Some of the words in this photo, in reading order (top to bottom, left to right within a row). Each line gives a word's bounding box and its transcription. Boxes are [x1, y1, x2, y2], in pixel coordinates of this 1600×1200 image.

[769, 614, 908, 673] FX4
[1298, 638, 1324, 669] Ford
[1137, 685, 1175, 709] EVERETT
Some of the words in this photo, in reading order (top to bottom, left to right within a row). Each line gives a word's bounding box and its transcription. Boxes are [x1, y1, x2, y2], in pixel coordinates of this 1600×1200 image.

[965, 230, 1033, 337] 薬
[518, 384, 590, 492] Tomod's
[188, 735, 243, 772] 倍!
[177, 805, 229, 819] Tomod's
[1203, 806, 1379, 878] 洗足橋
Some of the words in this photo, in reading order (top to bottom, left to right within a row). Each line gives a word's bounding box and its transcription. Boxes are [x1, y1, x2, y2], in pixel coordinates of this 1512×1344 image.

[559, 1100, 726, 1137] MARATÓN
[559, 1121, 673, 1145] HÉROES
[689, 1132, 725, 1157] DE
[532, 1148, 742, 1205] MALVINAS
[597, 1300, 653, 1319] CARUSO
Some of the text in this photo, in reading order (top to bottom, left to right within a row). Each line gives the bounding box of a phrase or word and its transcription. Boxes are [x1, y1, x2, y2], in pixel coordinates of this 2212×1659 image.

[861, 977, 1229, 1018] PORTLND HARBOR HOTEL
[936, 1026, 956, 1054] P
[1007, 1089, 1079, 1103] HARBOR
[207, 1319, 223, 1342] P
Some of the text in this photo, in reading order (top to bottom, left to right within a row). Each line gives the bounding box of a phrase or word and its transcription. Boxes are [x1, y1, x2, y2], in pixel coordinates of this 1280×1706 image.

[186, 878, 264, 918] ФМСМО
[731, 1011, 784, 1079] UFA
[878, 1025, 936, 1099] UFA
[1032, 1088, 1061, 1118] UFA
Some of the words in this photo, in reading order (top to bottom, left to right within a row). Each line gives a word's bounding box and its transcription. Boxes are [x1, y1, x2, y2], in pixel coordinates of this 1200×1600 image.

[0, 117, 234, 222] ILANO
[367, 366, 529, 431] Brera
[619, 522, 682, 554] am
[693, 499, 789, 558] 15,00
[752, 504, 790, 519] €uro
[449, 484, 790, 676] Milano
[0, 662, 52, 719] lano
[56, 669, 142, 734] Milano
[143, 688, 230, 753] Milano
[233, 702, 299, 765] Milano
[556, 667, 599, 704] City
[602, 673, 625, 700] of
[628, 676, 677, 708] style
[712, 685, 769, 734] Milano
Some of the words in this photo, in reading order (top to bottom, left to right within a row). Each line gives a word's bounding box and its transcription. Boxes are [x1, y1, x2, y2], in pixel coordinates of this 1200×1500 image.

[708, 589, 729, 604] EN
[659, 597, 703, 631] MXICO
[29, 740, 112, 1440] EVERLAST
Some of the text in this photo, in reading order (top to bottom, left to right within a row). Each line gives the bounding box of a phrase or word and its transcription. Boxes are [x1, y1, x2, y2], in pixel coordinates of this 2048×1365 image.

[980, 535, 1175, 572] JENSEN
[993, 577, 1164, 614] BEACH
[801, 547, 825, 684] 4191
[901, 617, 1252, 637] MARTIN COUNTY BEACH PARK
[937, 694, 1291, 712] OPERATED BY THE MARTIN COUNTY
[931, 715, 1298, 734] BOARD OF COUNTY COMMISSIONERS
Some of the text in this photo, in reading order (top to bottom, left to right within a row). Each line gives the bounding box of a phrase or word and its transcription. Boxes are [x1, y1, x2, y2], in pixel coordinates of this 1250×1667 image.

**PROBLEM TO SOLVE**: Reproduce the entries above exactly, every line included.

**ANSWER**:
Some of the words in this photo, in reading order (top to bottom, left to right within a row). Each line gives a word's bounding box and its transcription. Boxes are [x1, y1, x2, y2], in pixel coordinates of this 1600×1200 image.

[769, 614, 908, 673] FX4
[1298, 638, 1324, 669] Ford
[1137, 685, 1175, 709] EVERETT
Some of the words in this photo, in reading order (top to bottom, left to right within a row). Each line gives a word's bounding box and its transcription. Boxes are [x1, y1, x2, y2], in pixel coordinates of this 1600×1200 image.

[965, 230, 1033, 337] 薬
[518, 384, 590, 492] Tomod's
[188, 735, 243, 772] 倍!
[177, 805, 229, 819] Tomod's
[1203, 806, 1379, 878] 洗足橋
Some of the words in this photo, in reading order (top to bottom, left to right within a row). Each line gives a word's bounding box and its transcription. Boxes are [x1, y1, x2, y2], in pixel coordinates of this 1512×1344 image.

[559, 1100, 726, 1137] MARATÓN
[559, 1121, 673, 1145] HÉROES
[689, 1132, 725, 1157] DE
[532, 1148, 742, 1205] MALVINAS
[597, 1300, 653, 1319] CARUSO
Some of the text in this photo, in reading order (top to bottom, left to right within a row). Each line gives the bounding box of a phrase or word and its transcription. Boxes are [x1, y1, x2, y2], in pixel coordinates of this 2212×1659 image.

[861, 977, 1229, 1018] PORTLND HARBOR HOTEL
[936, 1026, 956, 1054] P
[1007, 1089, 1079, 1103] HARBOR
[207, 1319, 223, 1342] P
Some of the text in this photo, in reading order (top to bottom, left to right within a row). Each line gives the bounding box of a phrase or word and its transcription. Boxes are [x1, y1, x2, y2], in pixel coordinates of this 1280×1706 image.

[186, 878, 264, 918] ФМСМО
[731, 1011, 784, 1079] UFA
[878, 1025, 936, 1099] UFA
[1032, 1088, 1061, 1118] UFA
Some of the words in this photo, in reading order (top to bottom, left to right within a row). Each line gives a word's bounding box and its transcription. Boxes are [x1, y1, x2, y2], in pixel coordinates of this 1200×1600 image.

[0, 117, 234, 222] ILANO
[367, 366, 529, 431] Brera
[619, 522, 682, 554] am
[693, 499, 789, 558] 15,00
[752, 504, 790, 519] €uro
[449, 484, 790, 676] Milano
[0, 662, 52, 719] lano
[56, 669, 142, 734] Milano
[143, 688, 230, 753] Milano
[233, 702, 299, 765] Milano
[556, 667, 599, 704] City
[602, 673, 625, 700] of
[628, 676, 677, 708] style
[712, 685, 769, 734] Milano
Some of the words in this photo, in reading order (top to bottom, left to right within a row). Each line gives a word's bounding box and its transcription. Boxes are [x1, y1, x2, y2], in pixel coordinates of this 1200×1500 image.

[708, 589, 729, 604] EN
[659, 597, 703, 631] MXICO
[29, 740, 112, 1440] EVERLAST
Some of the text in this photo, in reading order (top to bottom, left to right within a row). Each line gives the bounding box of a phrase or word and its transcription. Boxes are [x1, y1, x2, y2], in pixel coordinates of this 2048×1365 image.

[980, 535, 1175, 572] JENSEN
[993, 577, 1164, 614] BEACH
[801, 547, 825, 684] 4191
[901, 617, 1252, 637] MARTIN COUNTY BEACH PARK
[937, 694, 1291, 712] OPERATED BY THE MARTIN COUNTY
[931, 715, 1298, 734] BOARD OF COUNTY COMMISSIONERS
Some of the text in this photo, in reading order (top to bottom, left to right within a row). Each line gives the bounding box of a phrase or word and its transcription. Boxes are [x1, y1, x2, y2], in pixel coordinates of this 1250×1667 image.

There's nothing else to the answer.